→ **Action item**: Excluding pictures, what does the listing below contain from the line with "this 1600×1200 image." up to and including the line with "Some of the words", word for word?

#### Provided entries

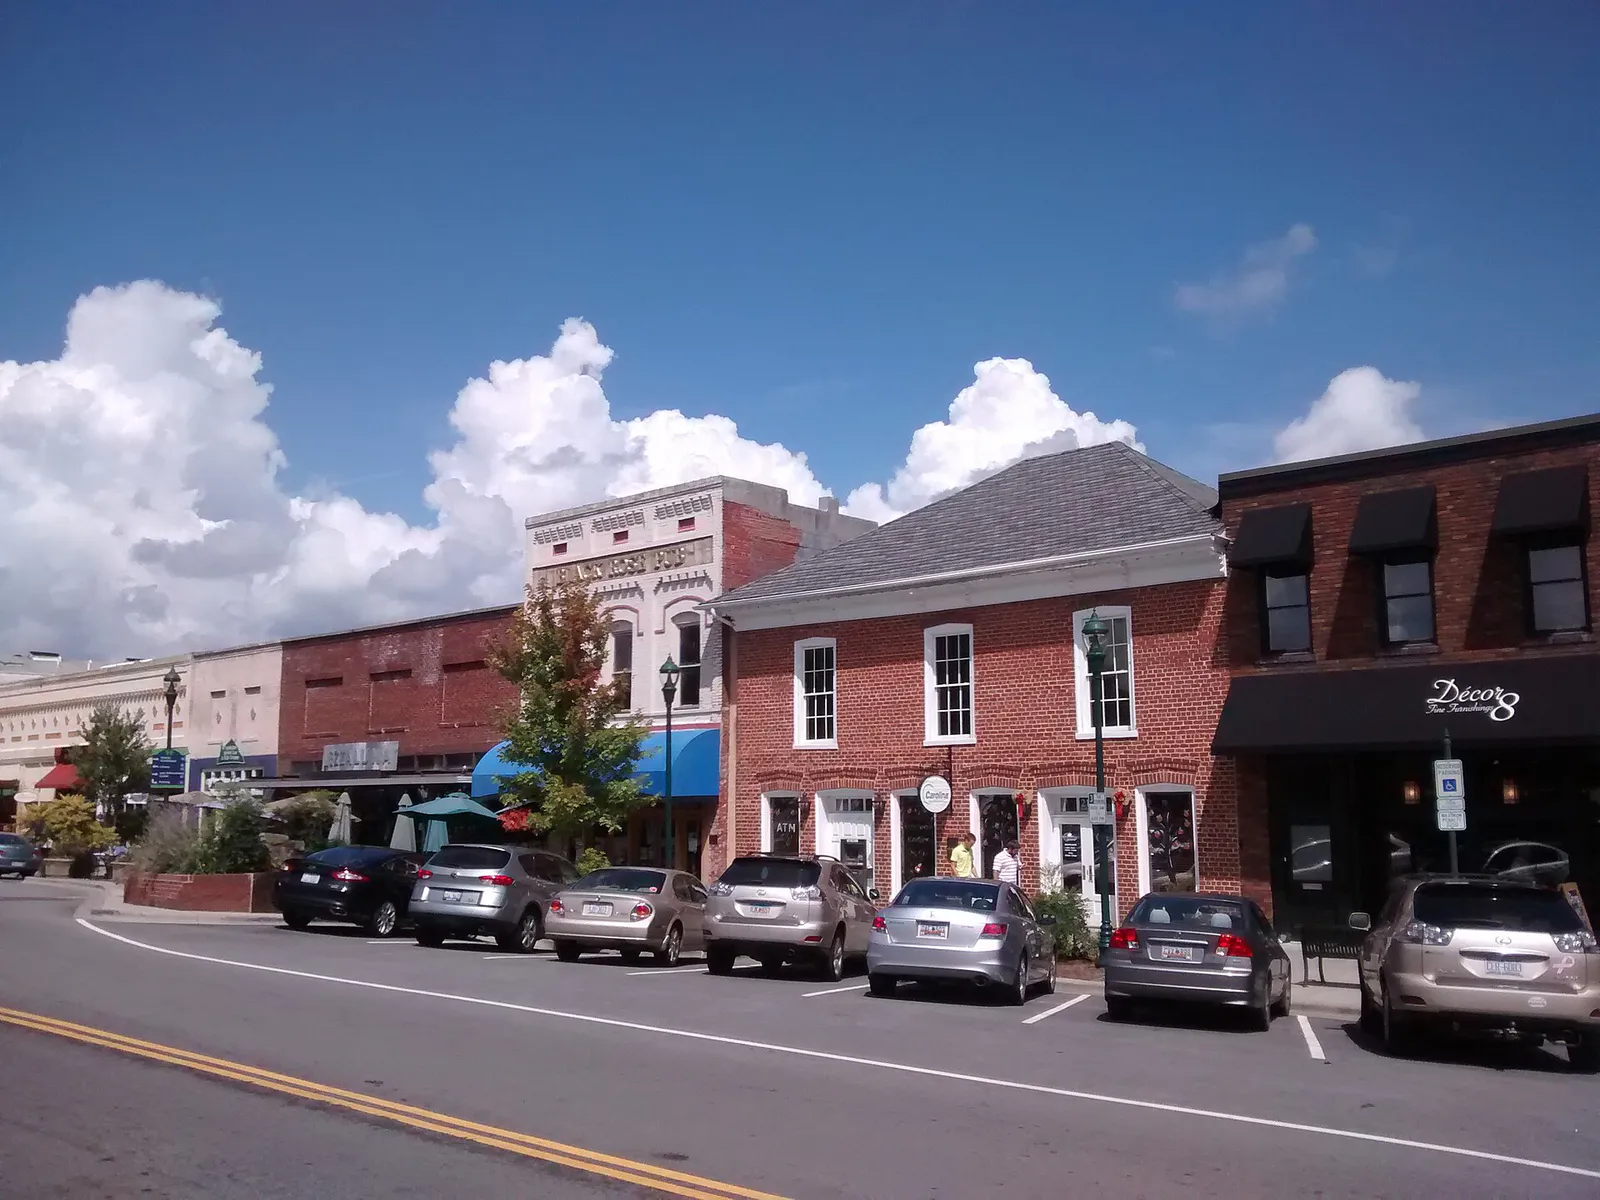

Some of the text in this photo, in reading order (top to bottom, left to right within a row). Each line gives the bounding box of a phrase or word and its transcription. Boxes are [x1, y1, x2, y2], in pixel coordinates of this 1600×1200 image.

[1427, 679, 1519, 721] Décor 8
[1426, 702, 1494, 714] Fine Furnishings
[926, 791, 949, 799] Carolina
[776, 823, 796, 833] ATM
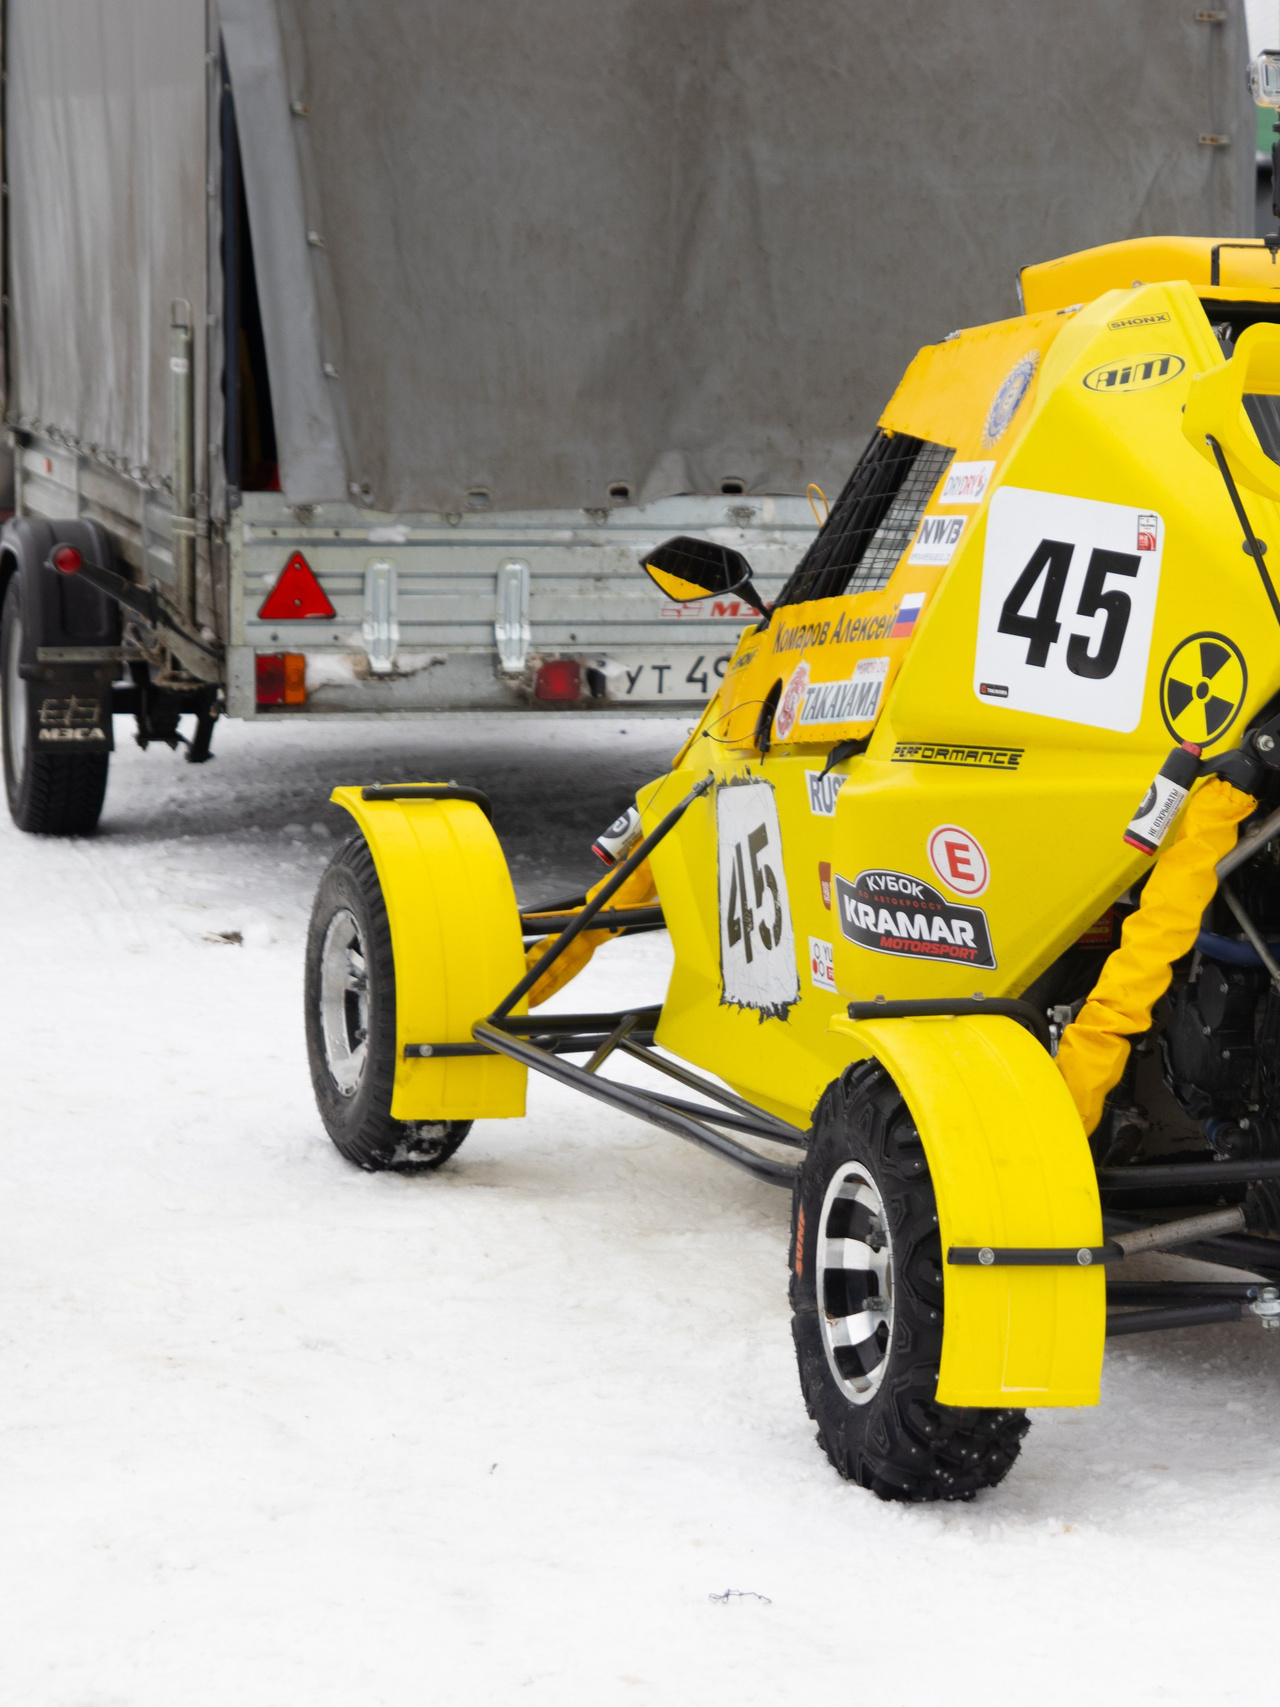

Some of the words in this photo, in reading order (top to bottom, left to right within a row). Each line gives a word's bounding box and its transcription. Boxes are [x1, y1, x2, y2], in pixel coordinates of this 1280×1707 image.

########
#### Provided entries

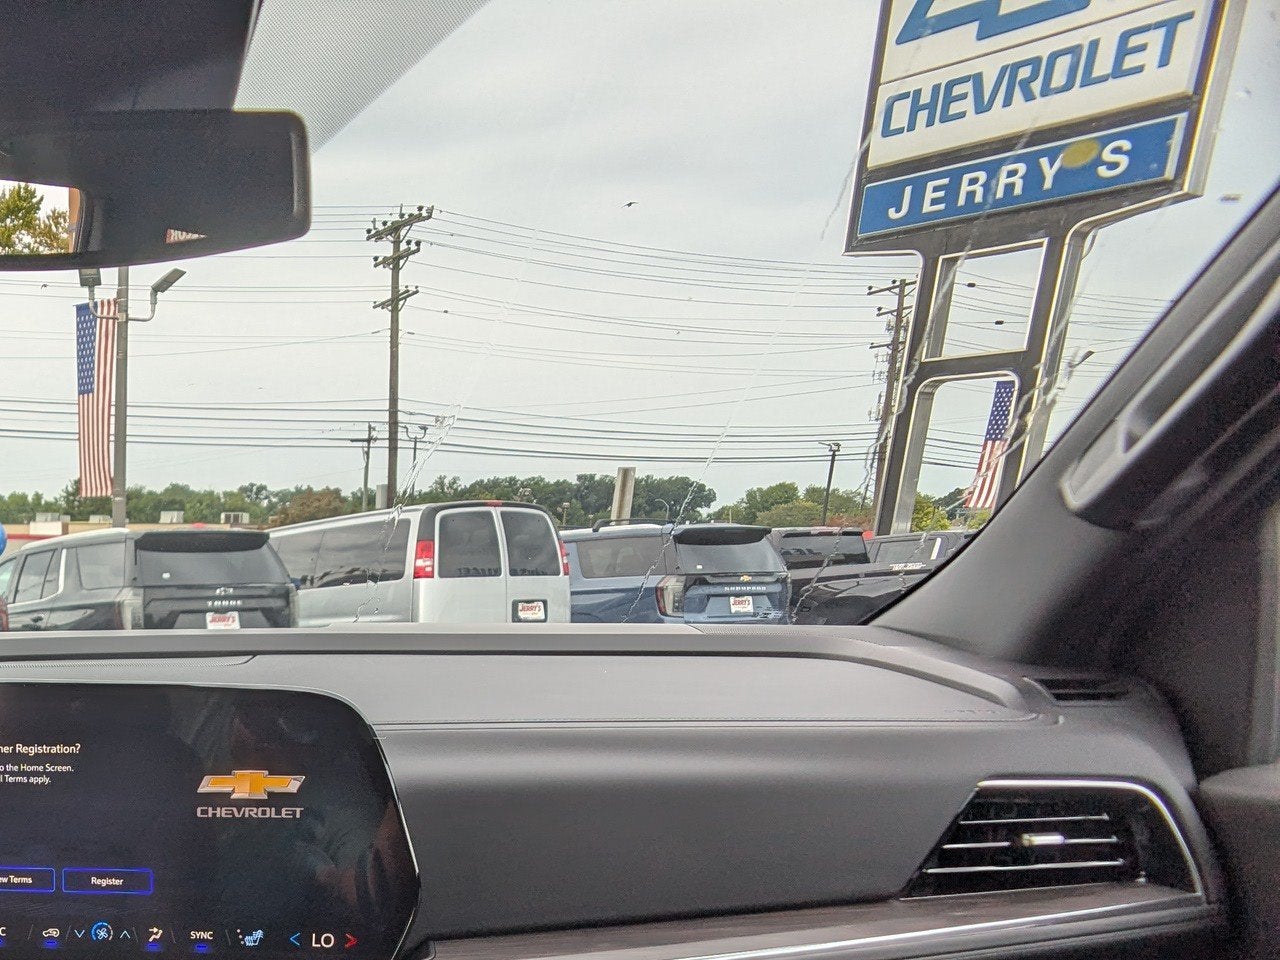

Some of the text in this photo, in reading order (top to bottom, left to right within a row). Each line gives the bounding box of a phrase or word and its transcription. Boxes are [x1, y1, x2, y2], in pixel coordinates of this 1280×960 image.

########

→ **Exercise answer**:
Some of the text in this photo, in reading order (top to bottom, left to right within a row). Each line gives the bounding box of a phrase or word and its transcription. Boxes are [x1, y1, x2, y2], in pixel coordinates of this 1600×1200 image.

[1427, 679, 1519, 721] Décor 8
[1426, 702, 1494, 714] Fine Furnishings
[926, 791, 949, 799] Carolina
[776, 823, 796, 833] ATM

Some of the words in this photo, in reading order (top to bottom, left to right within a row). Each line gives a word's bounding box and its transcription. Boxes are [x1, y1, x2, y2], in pixel coordinates of this 1280×1707 image.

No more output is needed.